Enterprise AI Analysis
A Multi-dimensional Evaluation Research on the Learning Outcomes of Economics in the Context of Digitalization and Intelligence
This paper introduces a novel multi-dimensional evaluation model for economics learning outcomes in the digital intelligence era, addressing the limitations of traditional methods. Utilizing the Fuzzy Network Analysis Method (FANP), it constructs a hierarchical structure to evaluate aspects like digital intelligence literacy, theoretical knowledge integration, problem-solving, and economic ethics. Empirical tests with economics students validate its effectiveness in assessing comprehensive capabilities and identifying teaching strengths/weaknesses, providing a scientific tool for educational reform and precise intervention.
Key Impact Metrics for Your Enterprise
Our analysis reveals critical improvements in key operational areas, empowering your organization to achieve higher efficiency and more precise decision-making.
Deep Analysis & Enterprise Applications
Select a topic to dive deeper, then explore the specific findings from the research, rebuilt as interactive, enterprise-focused modules.
This category focuses on the Fuzzy Network Analysis Method (FANP), its principles, and its application in constructing the multi-dimensional evaluation model. It explains how triangular fuzzy numbers are used to handle subjective fuzziness and how network analysis addresses interdependencies among indicators to calculate comprehensive weights.

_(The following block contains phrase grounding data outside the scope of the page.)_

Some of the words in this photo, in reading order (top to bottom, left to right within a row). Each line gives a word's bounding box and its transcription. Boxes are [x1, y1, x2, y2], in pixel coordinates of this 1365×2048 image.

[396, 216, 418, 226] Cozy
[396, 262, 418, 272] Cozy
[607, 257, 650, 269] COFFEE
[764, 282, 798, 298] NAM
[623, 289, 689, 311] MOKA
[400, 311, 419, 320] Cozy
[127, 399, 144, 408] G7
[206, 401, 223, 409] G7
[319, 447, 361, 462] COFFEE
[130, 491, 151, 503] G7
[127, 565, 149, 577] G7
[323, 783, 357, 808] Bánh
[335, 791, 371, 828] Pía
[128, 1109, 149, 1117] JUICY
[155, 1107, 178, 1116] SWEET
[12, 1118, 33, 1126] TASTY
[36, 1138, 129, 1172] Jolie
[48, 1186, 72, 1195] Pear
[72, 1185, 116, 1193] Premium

FANP Model Construction Process
This section details the four core dimensions of the evaluation model: 'Digital Intelligence literacy and Application Ability', 'Integration and internalization of Theoretical Knowledge', 'Modeling and Solution of Complex Economic Issues', and 'Digital Intelligence Economic Ethics and Critical Thinking'. It also covers the specific network layer indicators for each dimension, outlining what is measured and why.
| Control Layer Indicator | Network Layer Indicator | Interpretation |
|---|---|---|
| Digital intelligence literacy and tool application ability A |
|
|
| Depth of integration and internalization of economic theories B |
|
|
This section presents the results of the empirical tests conducted with economics major students. It analyzes the comprehensive index weights derived from the FANP model, highlighting which capabilities (e.g., digital intelligence literacy, problem-solving) receive greater emphasis. The findings demonstrate the model's accuracy in depicting student capabilities and identifying teaching strengths and weaknesses.

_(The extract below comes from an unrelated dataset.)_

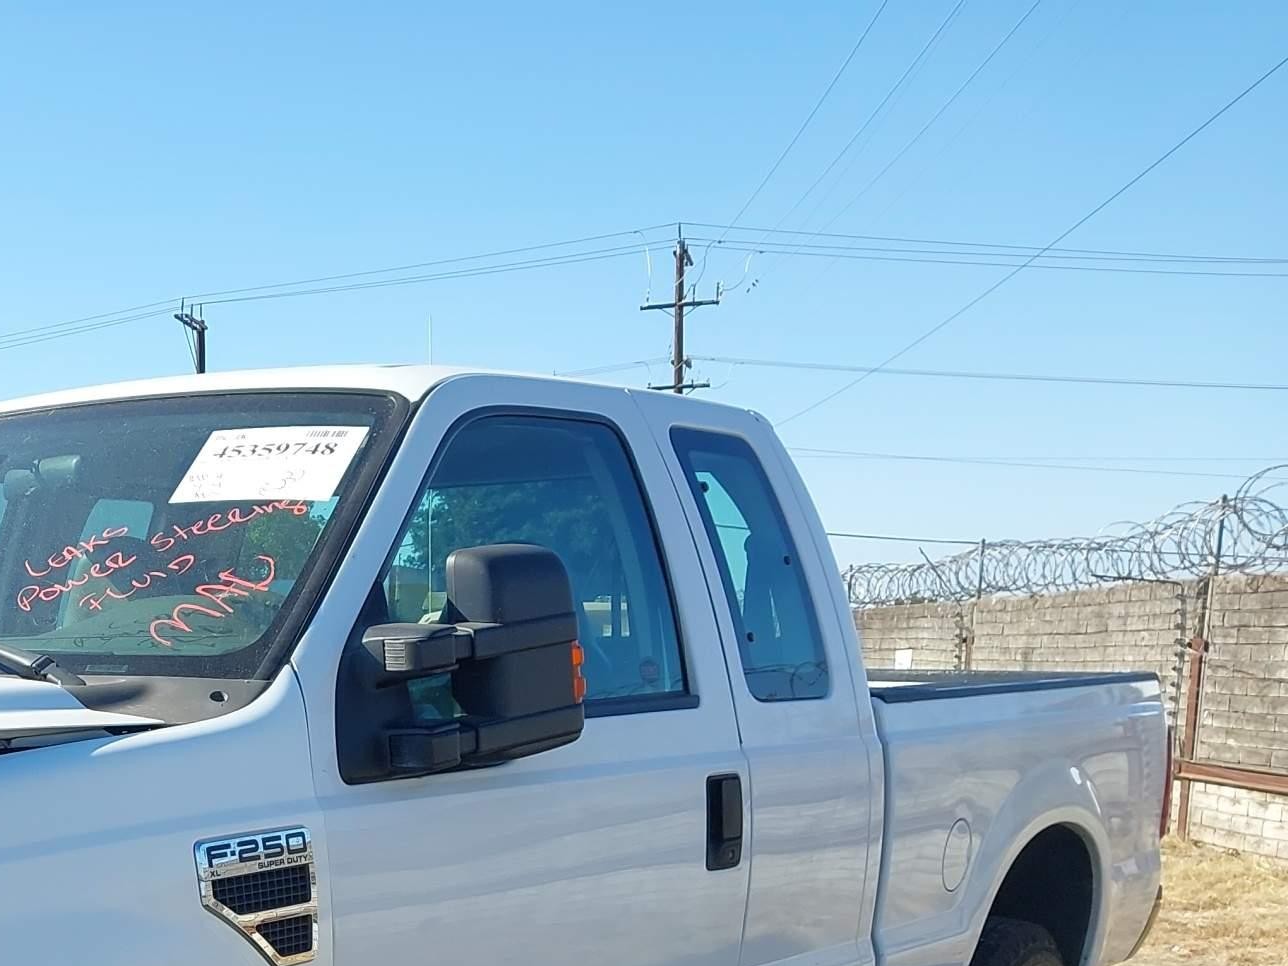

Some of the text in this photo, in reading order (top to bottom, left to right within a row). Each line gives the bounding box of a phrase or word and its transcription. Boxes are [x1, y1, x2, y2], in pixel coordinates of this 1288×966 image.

Case Study: Economics Student Evaluation
Problem: Traditional evaluation models centered on final grades struggled to comprehensively measure students' growth in aspects like literacy and critical thinking in the digital intelligence era.
Solution: The multi-dimensional FANP evaluation model was applied to economics major students in domestic universities. The model constructed a four-dimensional feedback system: 'digital intelligence literacy - theoretical internalization - problem-solving - ethical judgment'.
Outcome: The model placed greater emphasis on digital intelligence literacy (A1) and problem-solving abilities (C1, C2, C3), accurately reflecting students' comprehensive capabilities. It identified areas for targeted teaching reform, moving beyond a theoretical emphasis to practical application and ethical considerations in the digital economy.
Calculate Your Potential AI Impact
Estimate the ROI of implementing advanced AI solutions in your educational or research institution based on our findings.
Your AI Implementation Roadmap
A structured approach to integrating AI into your processes, ensuring successful adoption and maximum benefit.
Phase 1: Model Customization & Data Collection
Tailor the multi-dimensional FANP model to your specific educational context and collect relevant student performance data. This includes defining specific indicators and establishing data acquisition protocols.
Phase 2: Expert Evaluation & Weight Calculation
Convene an expert panel to provide fuzzy judgments on indicator interdependencies. Utilize the FANP method to calculate local and comprehensive weights for all evaluation dimensions.
Phase 3: Diagnostic Analysis & Reform Strategy
Analyze the evaluation results to identify student strengths and weaknesses. Develop targeted teaching reforms and intervention strategies based on the insights gained from the model.
Phase 4: Continuous Improvement & Feedback
Implement the reforms and establish a continuous feedback loop. Regularly re-evaluate the model's effectiveness and adjust teaching practices to foster ongoing improvement in learning outcomes.
Ready to Transform Your Educational Assessment?
Leverage our expertise to implement a multi-dimensional evaluation model tailored for the digital intelligence era. Book a free consultation to discuss your specific needs and how AI can elevate your educational outcomes.